A similar video is captioned, “ur teacher lets u pick partners but u have 2 friends in ur class who partnered up.” In this video, you’re watching yourself try to team up with a friend for a group project, but quickly realize that your friends both chose one another before you.
By acknowledging that these uncomfortable experiences exist, these POV videos lend significance to experiences that young people often have to dismiss in order to get by.
A lot of POVs focus on acting out a true-to-reality situation. For instance, TikTok user @yazdemand made a POV captioned, “#pov your my mirror after My family say that ‘you will always be a boy.’” Viewers watch the private, vulnerable moments of this teenager getting ready. There’s a tension, and you can feel her confidence and apprehension playing out simultaneously. People going through a similar situation can find community.
A Yeet into the Spectrum of POVs
Not all POVs are exposure therapy for the cruelty of being a teenager, or heartfelt experience confessionals. A pillar of the POV genre is the massive selection of videos that rely on humor and sometimes absurdity.
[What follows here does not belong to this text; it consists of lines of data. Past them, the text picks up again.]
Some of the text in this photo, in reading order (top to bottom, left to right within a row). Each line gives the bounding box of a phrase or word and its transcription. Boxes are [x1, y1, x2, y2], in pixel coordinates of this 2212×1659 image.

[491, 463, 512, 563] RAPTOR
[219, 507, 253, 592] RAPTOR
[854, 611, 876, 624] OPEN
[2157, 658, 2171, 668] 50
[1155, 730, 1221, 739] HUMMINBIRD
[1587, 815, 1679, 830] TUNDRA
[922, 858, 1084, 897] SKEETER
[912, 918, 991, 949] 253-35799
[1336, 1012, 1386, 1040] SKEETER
A great example of this is a TikTok captioned, “i’m ur dumb jock crush. you tell me you’re feeling depressed. i try to make it better.” In it, user @idrinkvapejuice acts out the crush’s reply to her admission of depression.
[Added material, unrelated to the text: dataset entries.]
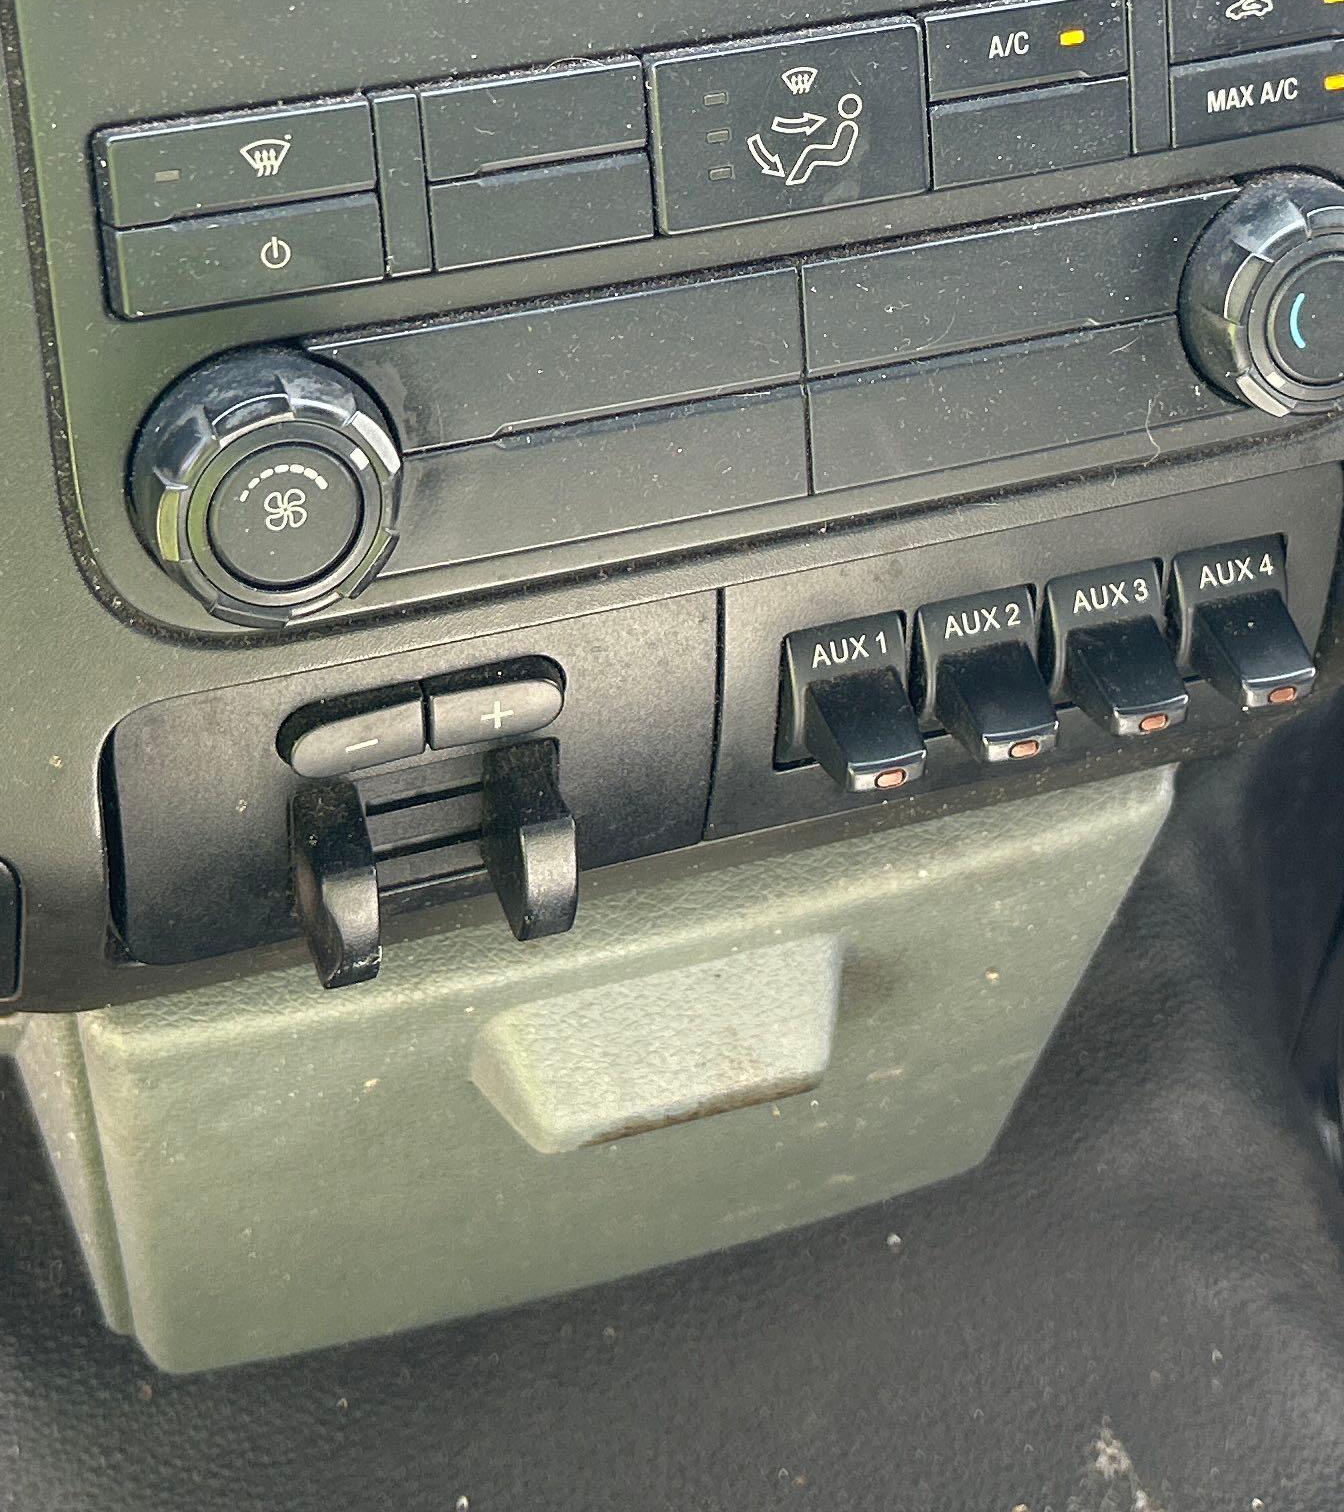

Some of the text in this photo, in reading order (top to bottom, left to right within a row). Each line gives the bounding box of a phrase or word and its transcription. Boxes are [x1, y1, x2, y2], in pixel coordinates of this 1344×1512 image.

[987, 31, 1031, 60] A/C
[1206, 76, 1299, 114] MAX A/C
[1197, 553, 1274, 590] AUX 4
[1072, 577, 1150, 615] AUX 3
[943, 602, 1022, 640] AUX 2
[811, 631, 888, 669] AUX 1
Other videos, like “POV: what my birth control sees when i remember i have to take it” and “POV: im checking ur head for lice (and u have it)” are pretty self explanatory. There's also videos like "Pov. our eyes meet at the Area 51 raid" (which is a poking fun at a POV formula that starts with "our eyes meet").
But the POV genre, and TikTok in general, isn’t immune to harassment and hate speech problems that plague social media. Jess Fisher, TikTok user @jess.fisher5 has a recurring TikTok series where she pretends to be the personification of each astrological sign. In her POV video, captioned “#wholesome TAURUS POV,” Fisher acts like the personification of Tauruses, who are generally defined as compassionate, loyal, and sometimes parental.
Fisher said that this POV got an unexpected response: a flood of duets—or new videos that are displayed directly alongside an original video—and comments from old men.
“Not all of them, but a lot of [the comments] were like, ‘I’m gonna rip that shirt off of you,’ and things like that,” Fisher said.
“[The video] did make me think that maybe POV just strikes a chord in people,” Fisher said. “It hits them in a different way than normal videos do."
POVs Make TikTok Feel Human
Fisher said that POVs make sense in the larger history of TikTok. TikTok, in its original form, was called musical.ly, and musical.ly was dedicated almost entirely to lip-sync videos. Fisher said that the foundation of these lip-sync videos probably lent itself to the creation of the POV genre.
“They could just be lip synching a song with intention, but it’s also like making the viewer feel like they’re being looked at, or being seen,” Fisher said. “The only difference between that type of thing and the POV genre is putting their own dialogue to it and writing it themselves. Like content creation rather than just lip synch.”
Platforms like Facebook often talk about how they want to “bring the world closer together.” But this isn’t easy for any social media platform to accomplish. Often, it seems, meaningful online experiences are built on finding communities with shared experiences.
This is what’s happened with POVs on TikTok. There’s countless different iterations of POVs: there’s humor, fiction, cosplay, fantasy, historical skits, and realistic ones, and there’s innumerable niches that have grown out of these subgroups.
This phenomenon seems to defy the odds: the TikTok For You page, in its seeming randomness, connects people with obscure mutual experiences. The result is something that feels fundamentally human.